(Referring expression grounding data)
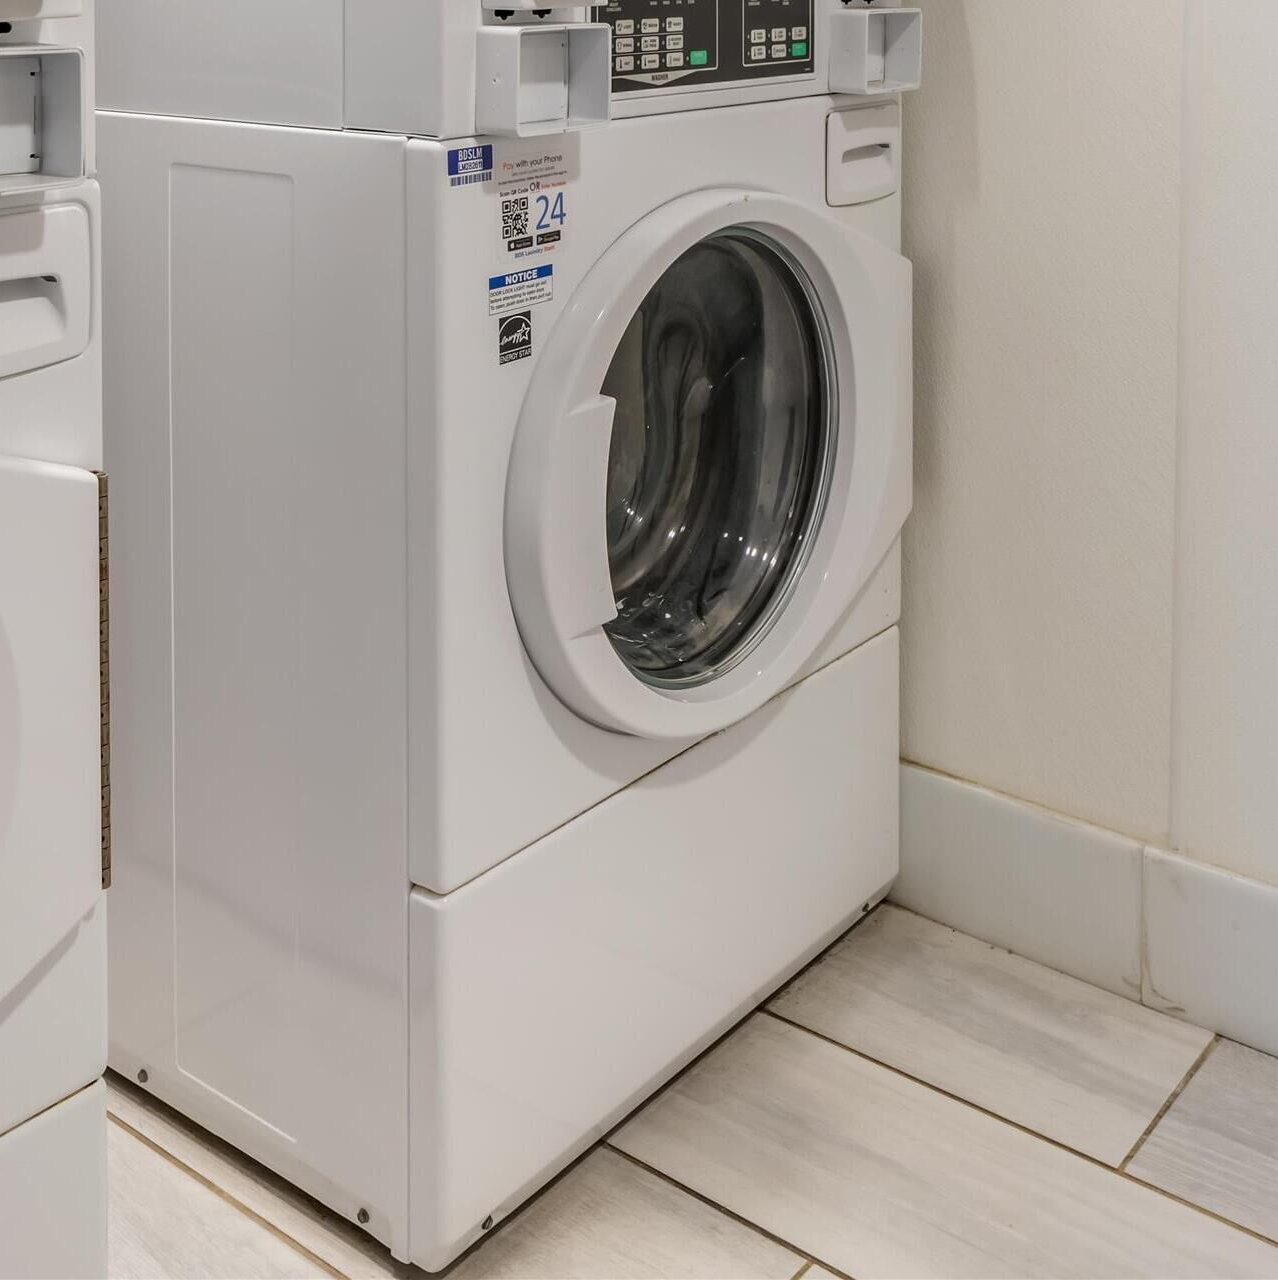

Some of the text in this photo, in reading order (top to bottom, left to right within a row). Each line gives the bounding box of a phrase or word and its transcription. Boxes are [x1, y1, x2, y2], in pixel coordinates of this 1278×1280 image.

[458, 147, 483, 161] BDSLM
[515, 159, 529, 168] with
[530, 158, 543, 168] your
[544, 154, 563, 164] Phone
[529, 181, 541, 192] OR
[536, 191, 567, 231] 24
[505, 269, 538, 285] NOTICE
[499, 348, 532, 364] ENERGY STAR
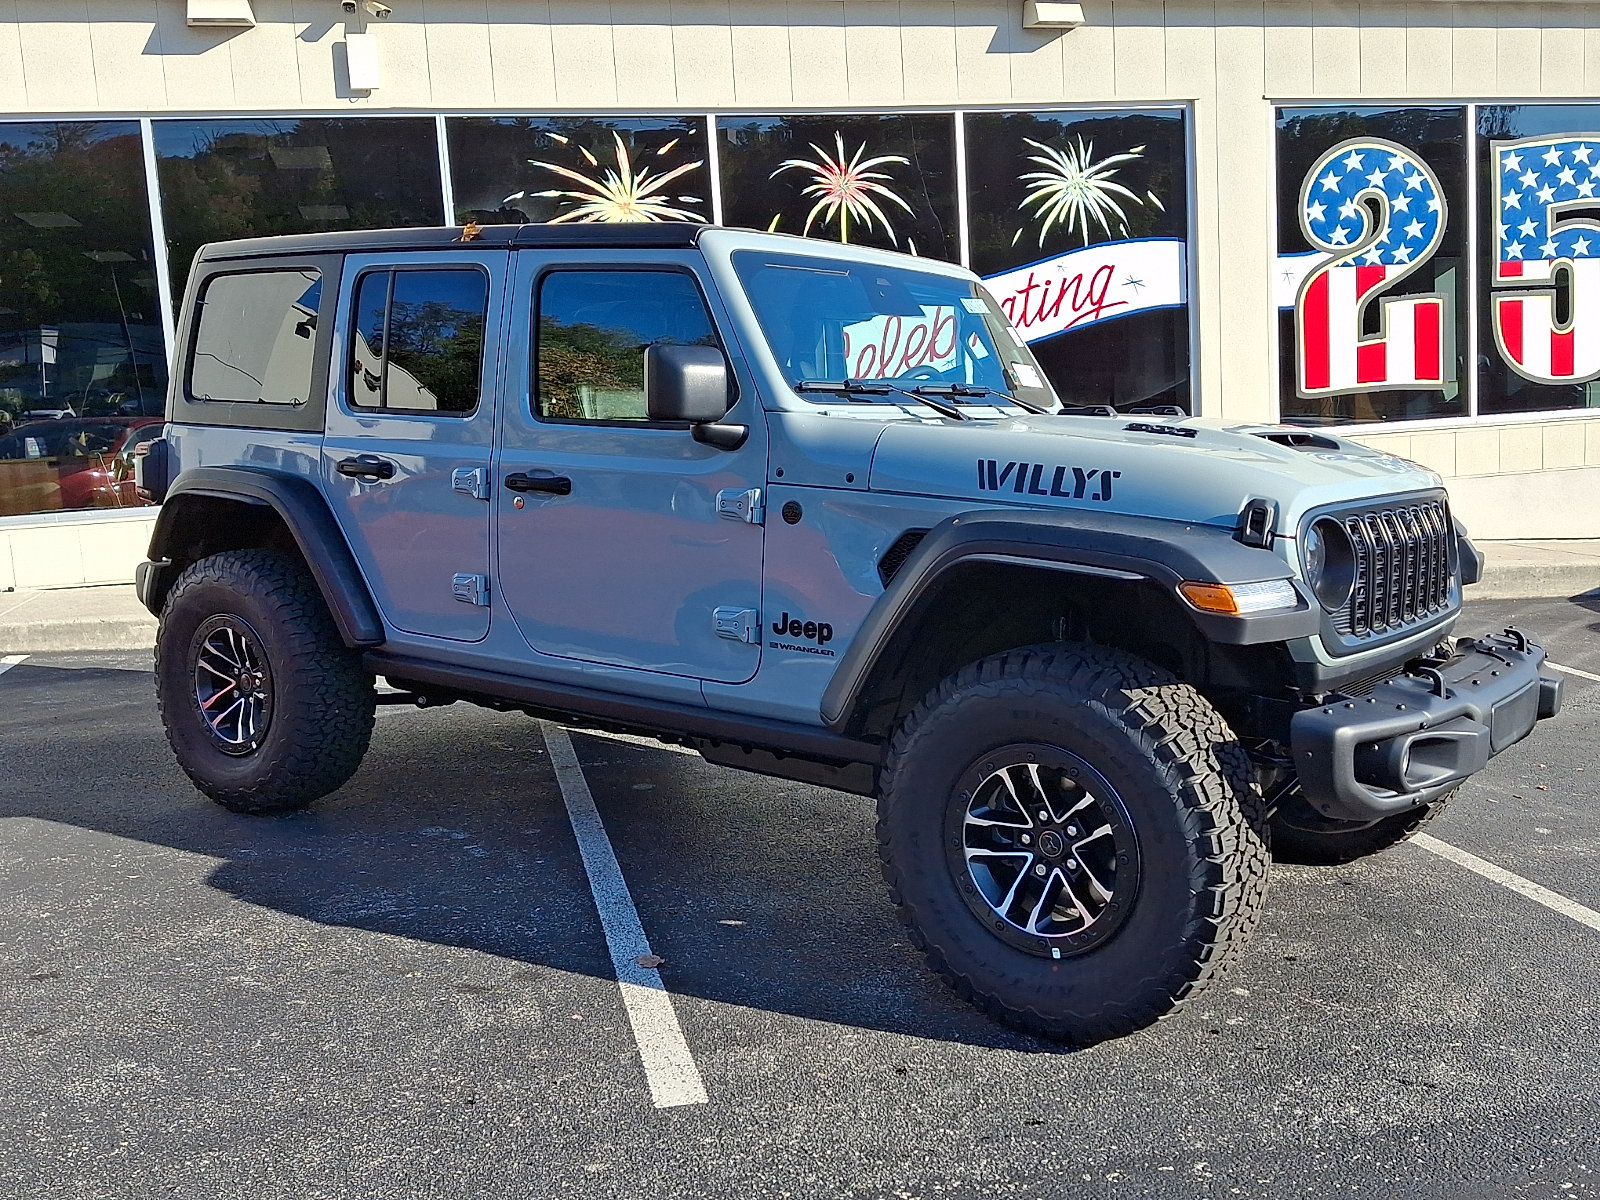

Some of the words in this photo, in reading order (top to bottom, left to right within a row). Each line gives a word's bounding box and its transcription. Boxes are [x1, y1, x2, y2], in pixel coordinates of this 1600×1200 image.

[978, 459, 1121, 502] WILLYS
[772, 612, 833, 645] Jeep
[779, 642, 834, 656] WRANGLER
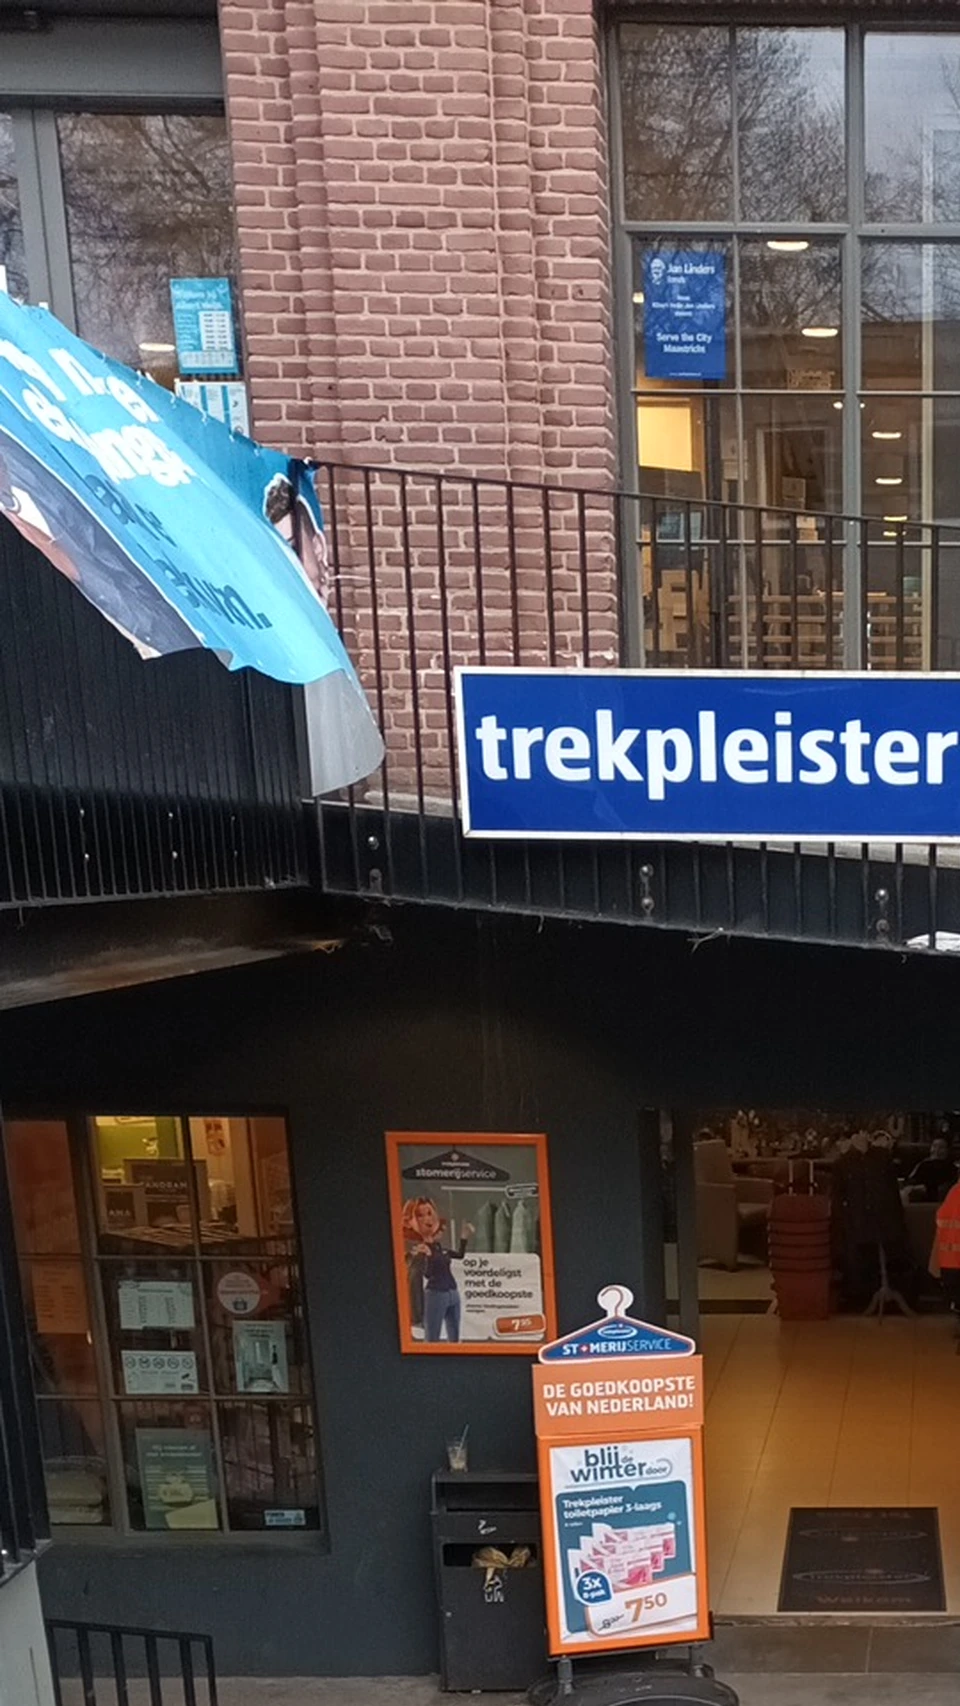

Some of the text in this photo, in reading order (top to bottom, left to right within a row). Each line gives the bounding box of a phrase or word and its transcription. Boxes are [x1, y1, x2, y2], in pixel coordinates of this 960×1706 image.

> Task goal
Repeat every line above exactly, minus the pictures.

> Written answer
Some of the text in this photo, in reading order (top to bottom, left to right within a row). Each line gives the bounding box of a phrase or word and its transcription. Boxes are [x1, y1, x2, y2], in pixel coordinates of this 1278×1280 image.

[458, 147, 483, 161] BDSLM
[515, 159, 529, 168] with
[530, 158, 543, 168] your
[544, 154, 563, 164] Phone
[529, 181, 541, 192] OR
[536, 191, 567, 231] 24
[505, 269, 538, 285] NOTICE
[499, 348, 532, 364] ENERGY STAR

Some of the words in this photo, in reading order (top to bottom, left to right within a row). Each line gives a word's bounding box and its transcription. Boxes are [x1, y1, x2, y2], in pixel coordinates of this 1600×1200 image.

[978, 459, 1121, 502] WILLYS
[772, 612, 833, 645] Jeep
[779, 642, 834, 656] WRANGLER

Some of the text in this photo, in reading order (top to bottom, left to right within a row). Each line gives the bounding box of a phrase or word and its transcription. Boxes are [x1, y1, x2, y2], in pixel coordinates of this 960×1706 image.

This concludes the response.